Sunday, July 29, 2012

Eat More Chicken

It's A Southern Thing

Chick-Fil-a is a company based in the South. Atlanta, Georgia is where it all started back in 1967.

My son got married July 28, 2012 in Dahlonega, Georgia. His first date with his bride was at a Chick-Fil-A restaurant.

In honor of this he and his bride had a Chick-Fil-A Groom's cake.

The current debate about Gay marriage has come to "Roost" on the Chick-Fil-A Company. The president of the company Dan Cathy, son of the Founder, Truett Cathy, stated Chick-fil-A is “very much supportive of the family,” according to Dan Cathy, president of the popular fast food chain. That is, “the biblical definition of the family unit,”

He said in the interview when asked about Chick-fil-A’s backing of families led by a man and a woman.“Well, guilty as charged.

Gay marriage is not accepted in Dixy and is found outside of the South. Most folks in the South are Christian.

My son's marriage is a testimony to our Southern Heritage and I am very proud of him. If you have a problem with Chick-Fil-A then don't eat there.

There are many instances where the gay lifestyle is a part of what someone does. My favorite example is Freddie Mercury of Queen. I have always loved their music and to this day am sad he is no longer with us. The fact that he was gay never got in the way of me enjoying Freddie and Queen. It is time for the Gay Community to Grow up and Eat More Chicken.

Monday, July 23, 2012

The Margaret Mitchell House & Pecan Pie

When the Margaret Mitchell House was proposed in Atlanta during the early 1990s, there was one person who I thought should have supported the idea. Celestine Sibley. 

She had a column in the Atlanta paper called Dixie Living. Her column was one of the last Southern ones in the paper. She had known Margaret Mitchell personally and knew that "Peggy" thought the apartment where she wrote most of Gone with the wind was a "Dump."

I wrote her a letter and called her a scalawag! The next thing I know my dad lets me know that I was in her column. Dad wrote a note designating me as the official scalawager of the family.

Celestine's column appears below. 

I had had my say and was excited to be able to attend the opening ceremony for the Margaret Mitchell house.

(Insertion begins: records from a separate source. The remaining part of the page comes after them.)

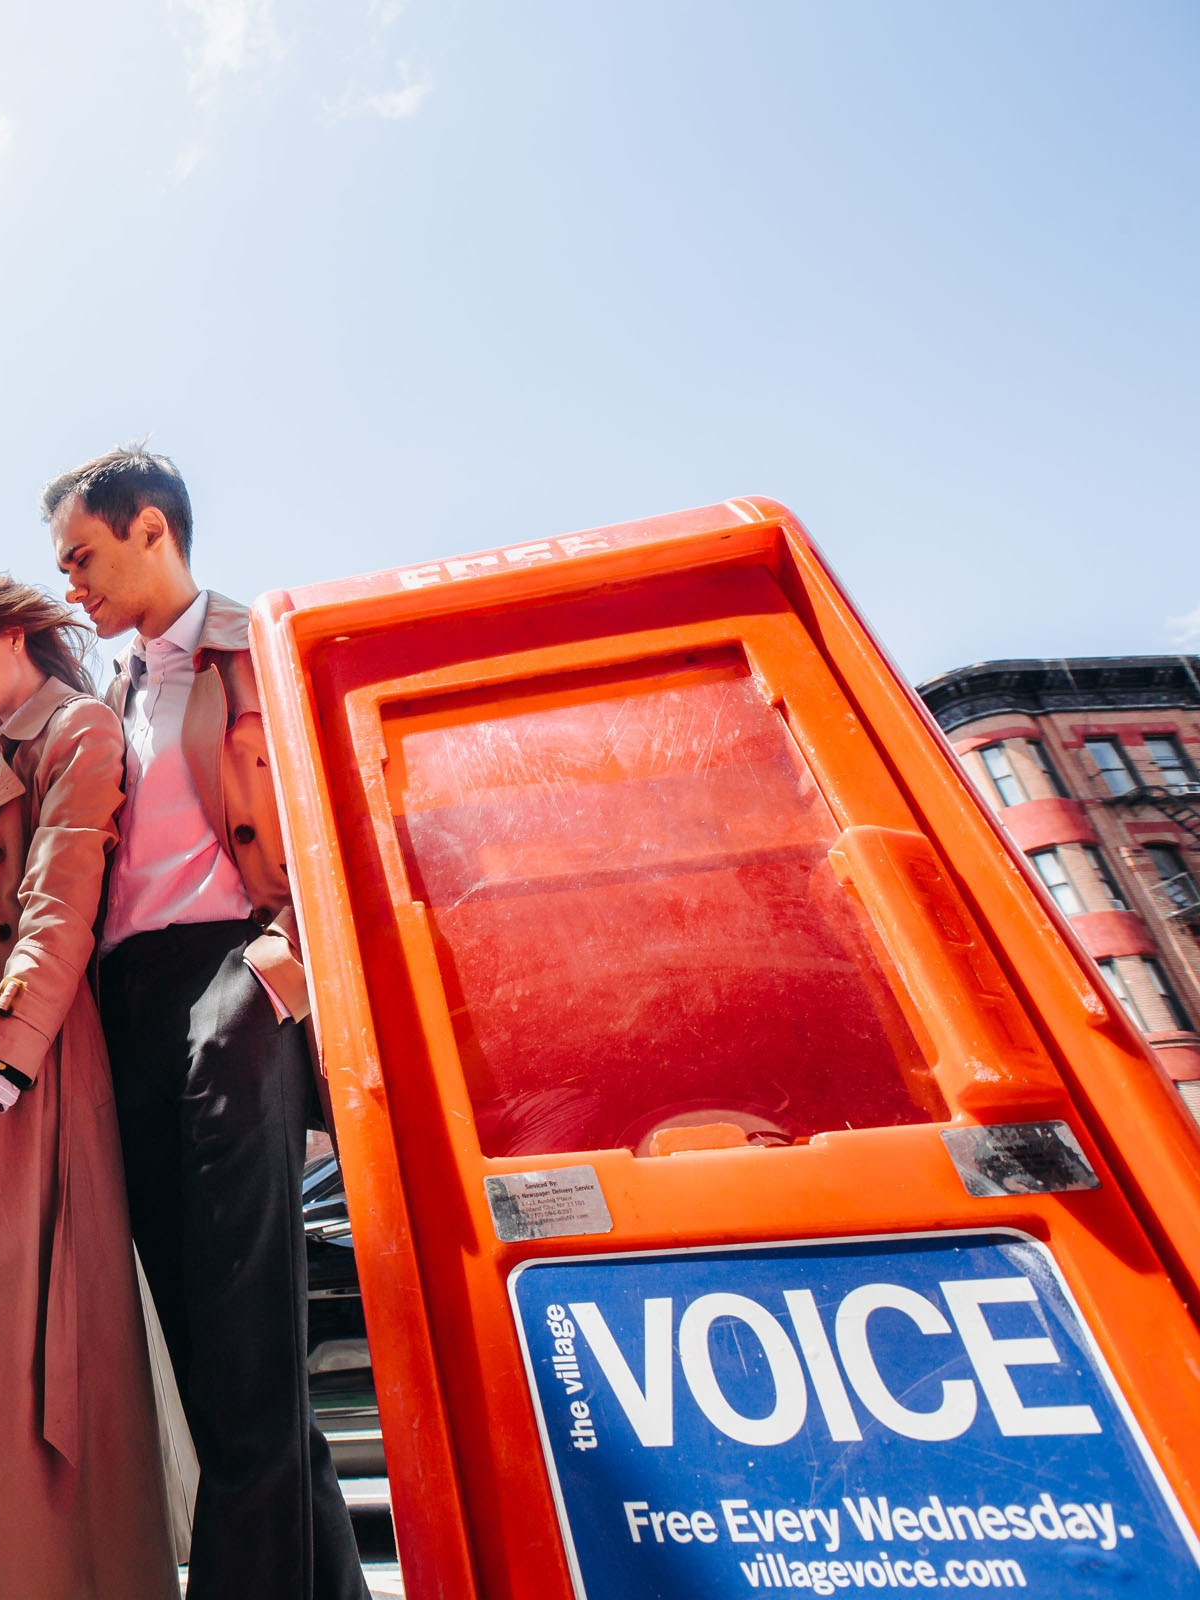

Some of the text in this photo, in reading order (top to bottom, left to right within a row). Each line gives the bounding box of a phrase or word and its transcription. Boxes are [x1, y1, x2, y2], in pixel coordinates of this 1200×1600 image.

[574, 1184, 595, 1192] Service
[546, 1304, 598, 1451] the village
[568, 1276, 1103, 1448] VOICE
[623, 1493, 1135, 1552] Free Every Wednesday.
[739, 1552, 1028, 1596] villagevoice.com

It was held on May 12th 1997. I even attended the candle light ceremony with a small group of people which included the last living relatives of Margaret Mitchell. After attending the ceremony I wrote this story. 

After my experience at the Margaret Mitchell house I wrote Celestine an apology and sent this story. She sent this typed letter back on her Atlanta paper stationary. It is now framed in a place of honor in my office. Celestine died in 1999 after being  at the Atlanta paper since 1941.

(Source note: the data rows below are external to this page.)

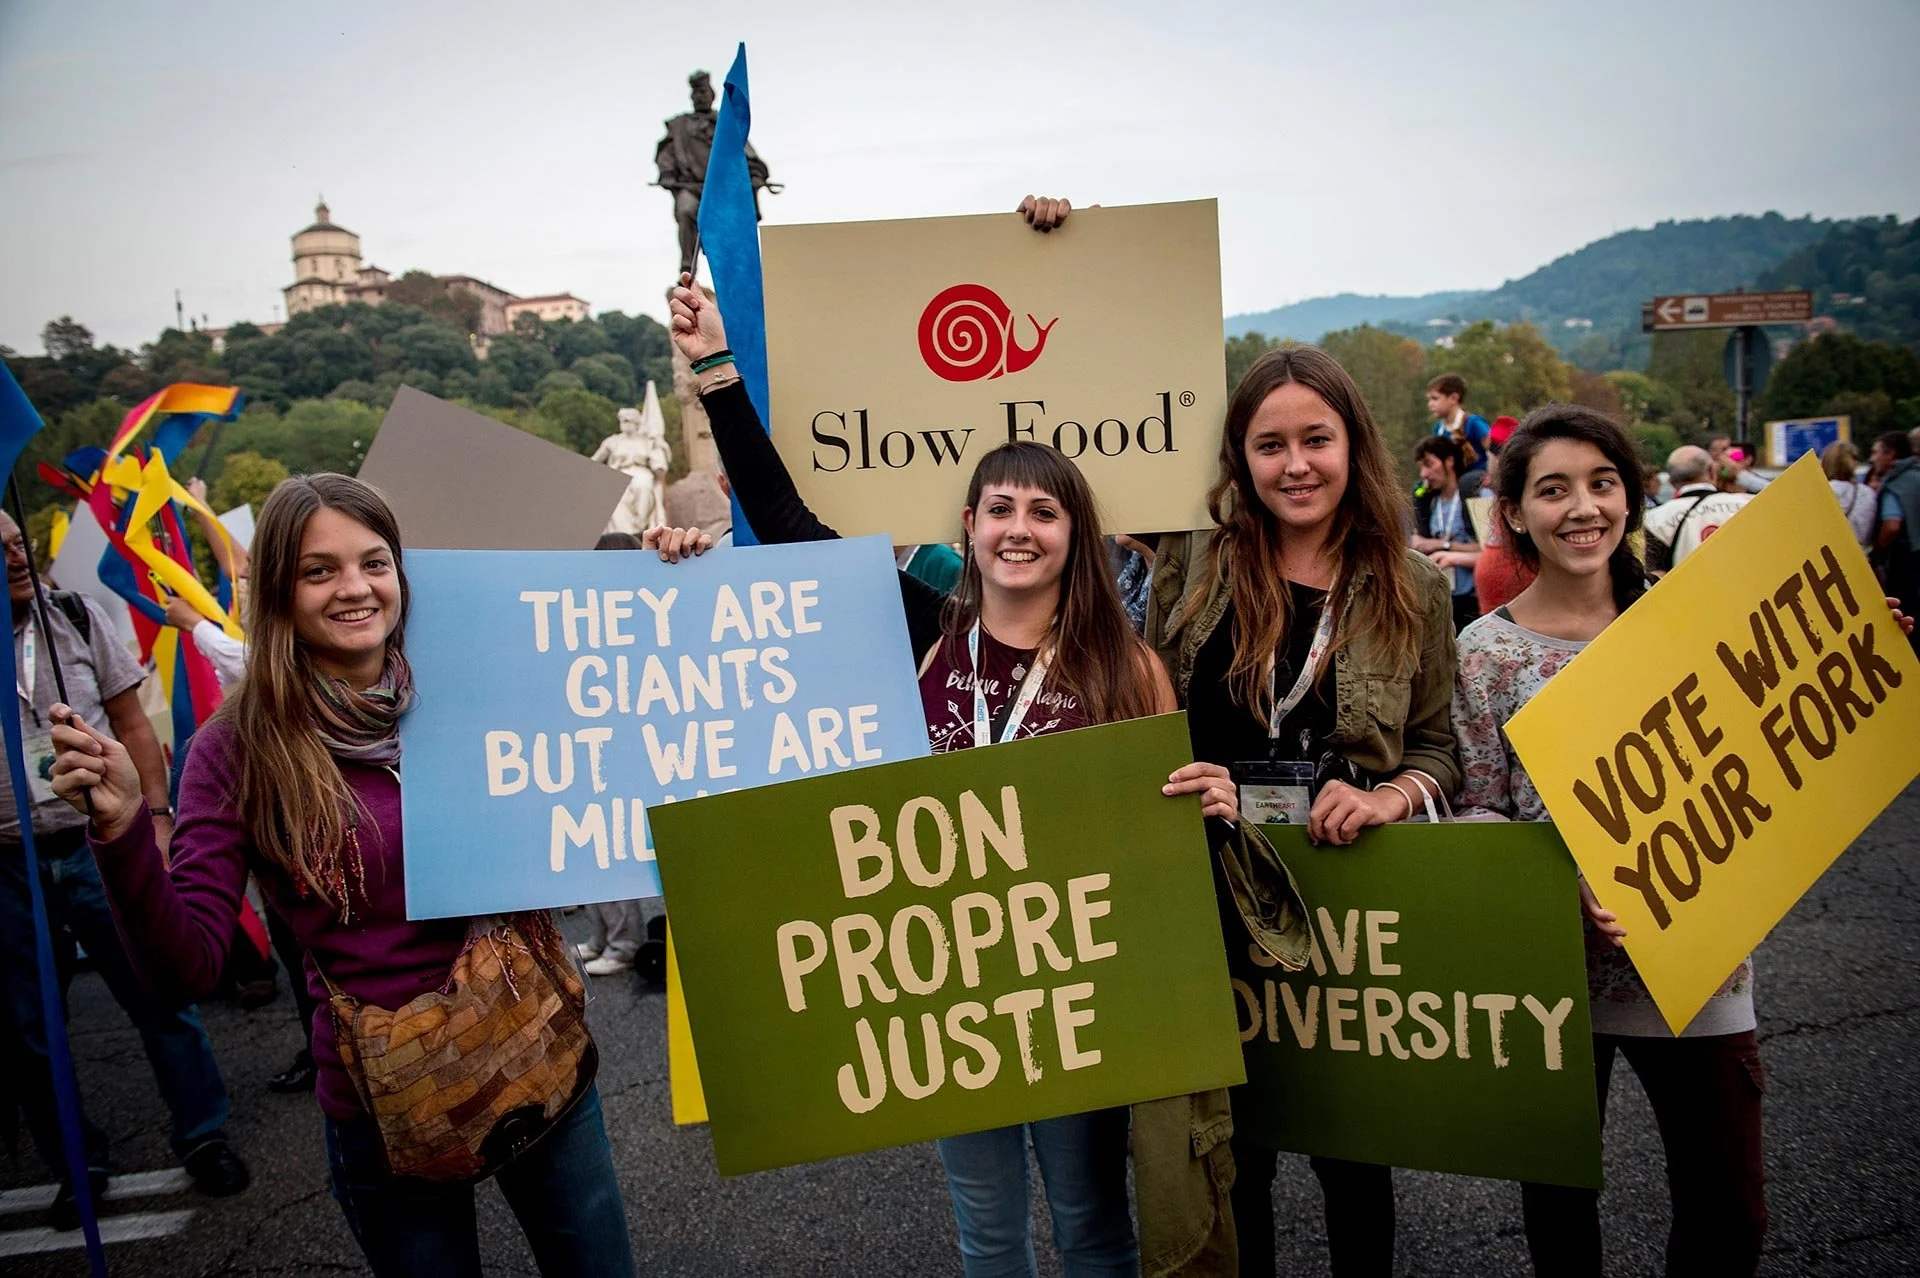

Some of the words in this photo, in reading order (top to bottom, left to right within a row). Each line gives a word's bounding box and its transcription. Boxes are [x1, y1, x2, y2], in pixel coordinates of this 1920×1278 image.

[811, 408, 976, 473] Slow
[519, 587, 678, 652] THEY
[710, 580, 822, 643] ARE
[566, 647, 797, 718] GIANTS
[946, 669, 1000, 695] Belve
[1572, 672, 1724, 845] VOTE
[1715, 544, 1860, 708] WITH
[485, 727, 613, 796] BUT
[642, 720, 738, 786] WE
[768, 704, 882, 775] ARE
[1613, 753, 1773, 931] YOUR
[1759, 622, 1902, 791] FORK
[829, 785, 1029, 899] BON
[1255, 801, 1296, 809] EARTHEART
[776, 872, 1118, 1013] PROPRE
[1248, 906, 1402, 977] VE
[837, 982, 1102, 1114] JUSTE
[1230, 977, 1574, 1071] DIVERSITY
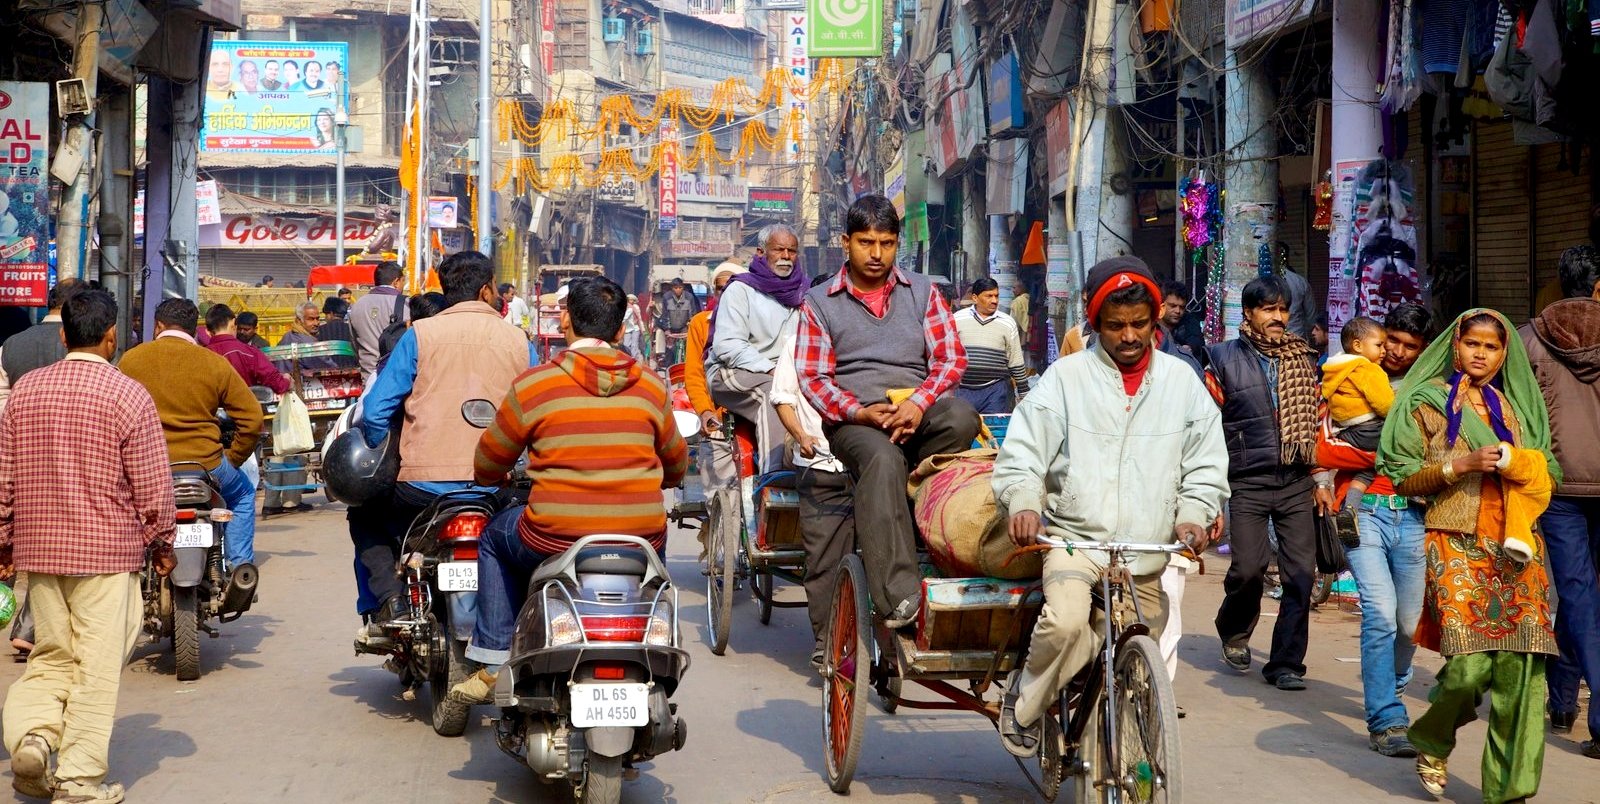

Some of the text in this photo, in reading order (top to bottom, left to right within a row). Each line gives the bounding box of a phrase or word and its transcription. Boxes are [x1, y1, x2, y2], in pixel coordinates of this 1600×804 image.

[209, 104, 312, 132] हार्दिक अभिनन्दन
[9, 167, 40, 176] TEA
[720, 179, 745, 198] House
[225, 216, 298, 245] Gole
[4, 272, 46, 280] FRUITS
[191, 525, 202, 533] 6S
[449, 580, 454, 588] F
[593, 688, 627, 700] DL 6S
[586, 706, 637, 720] AH 4550

Remember ......your elders have seen a lot of life and can give you some wise advice. I learned this from Celestine that is for sure. 

Wednesday, July 18, 2012

Lenox Square and the Traveling Musicians

Recently I went to Atlanta's Lenox Square to see a statue that was part of the original group that was placed there to commemorate Joel Chandler Harris's Brer Rabbit story.

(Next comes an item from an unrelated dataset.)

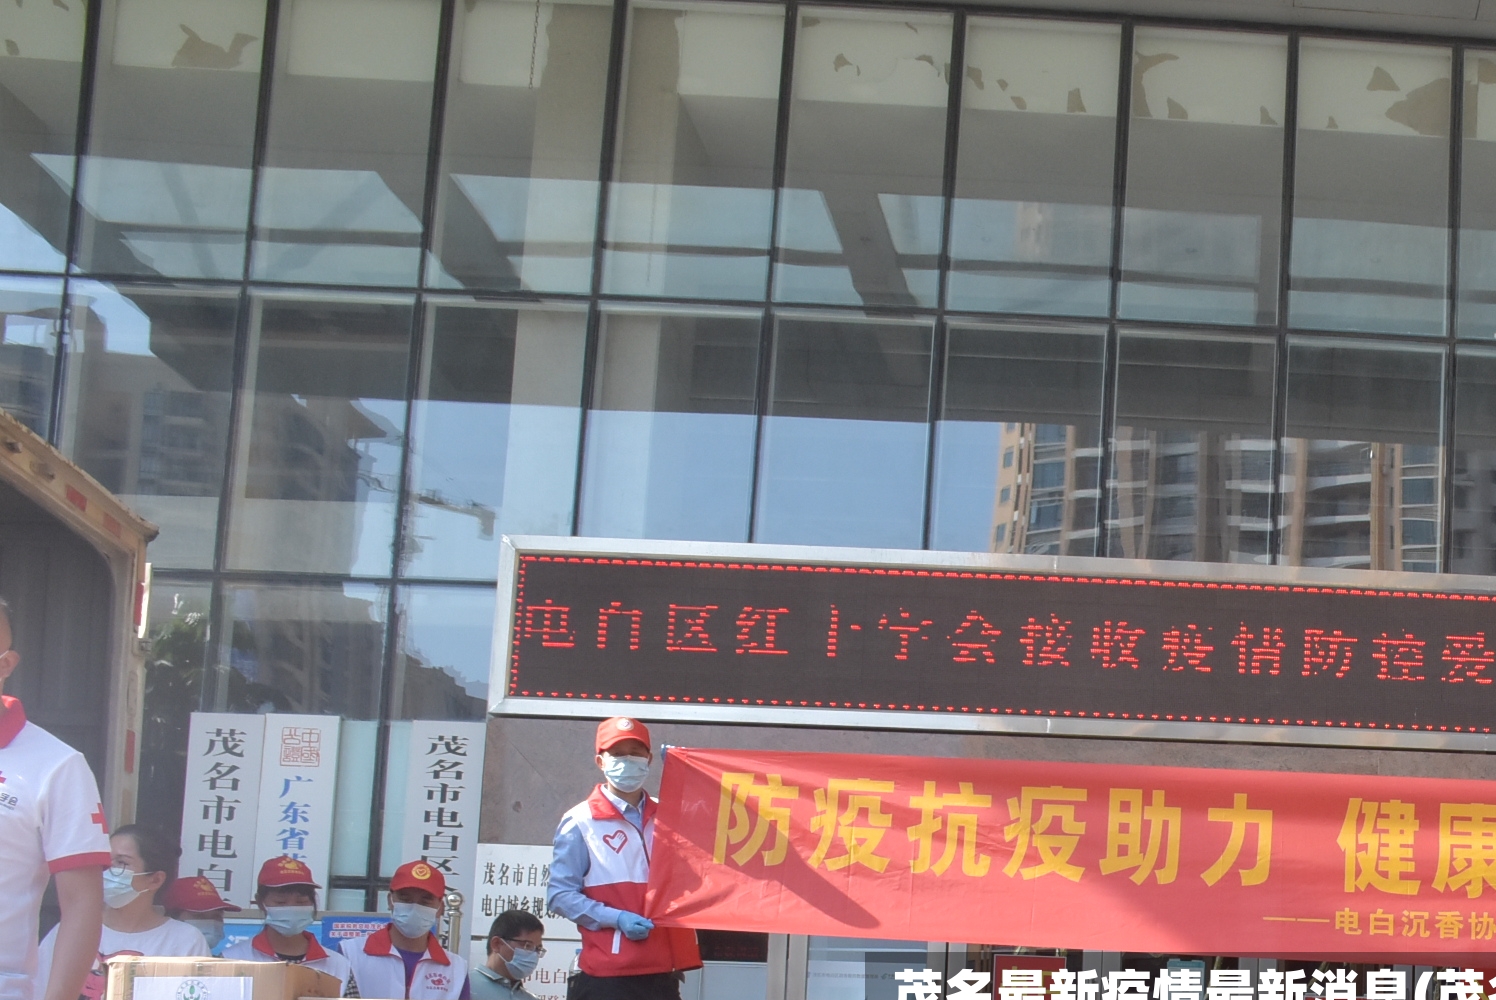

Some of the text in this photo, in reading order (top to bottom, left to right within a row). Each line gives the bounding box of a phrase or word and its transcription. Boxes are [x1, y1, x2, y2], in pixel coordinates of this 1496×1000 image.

Lenox Square was built in 1959 on land that was once owned by John Ottley, president of the First National Bank, who bought the property about 1900 and built a grand summer home call "Joveuse," complete with horse stables and riding trails. My mother rode horses on these trails back in the late 1940's. This picture is my mother with some friends on the trail at Lenox.

I was born in 1959 and as a child remember going to the mall when it was an open air mall. I always remembered the Traveling Musician statue because it was very odd looking. It stood by the stairs near where the post office used to be.

Atlanta has changed a lot since I was a child. Many things that I grew up with are no longer there. But I knew that the Traveling musicians were still there and on a recent trip made sure to go to Lenox to see it.

My son is getting married and the Tux rental is at Men's Warehouse. Rather than going to any location I chose Lenox so I could go see a childhood memory. My mother and my father passed away both within the past two years so this was a sentimental journey for me. I no longer live in Atlanta and moved to Dublin back in 2008. My grandmother was born in Dublin and her father was mayor in 1893. 

When I got to the store I asked the man about the statue that was still there. I knew the others had been removed in the late 70's but this one was still here. The others were of brer rabbit and the tar baby and brer bear and the frog.


I knew these statues were gone because of the changes that Atlanta went through in the political power structure and population of Atlanta. Atlanta got it's first black mayor Maynard Jackson in 1973. This was the same year I went through forced integration at Sutton Middle school which was Tuxedo elementary before. I got my first introduction to race relations in Atlanta at a young age.

You see the statues represented the Old South. Uncle Remus stories that once entertained many a young person in the South. Song of the South is a Disney movie that includes Chandler's characters. This clip with Brer Rabbit and the Tar baby. 

So the statues had to go! But the Traveling musicans did not necessarily represent the Old South so they were safe from the mentality at hand.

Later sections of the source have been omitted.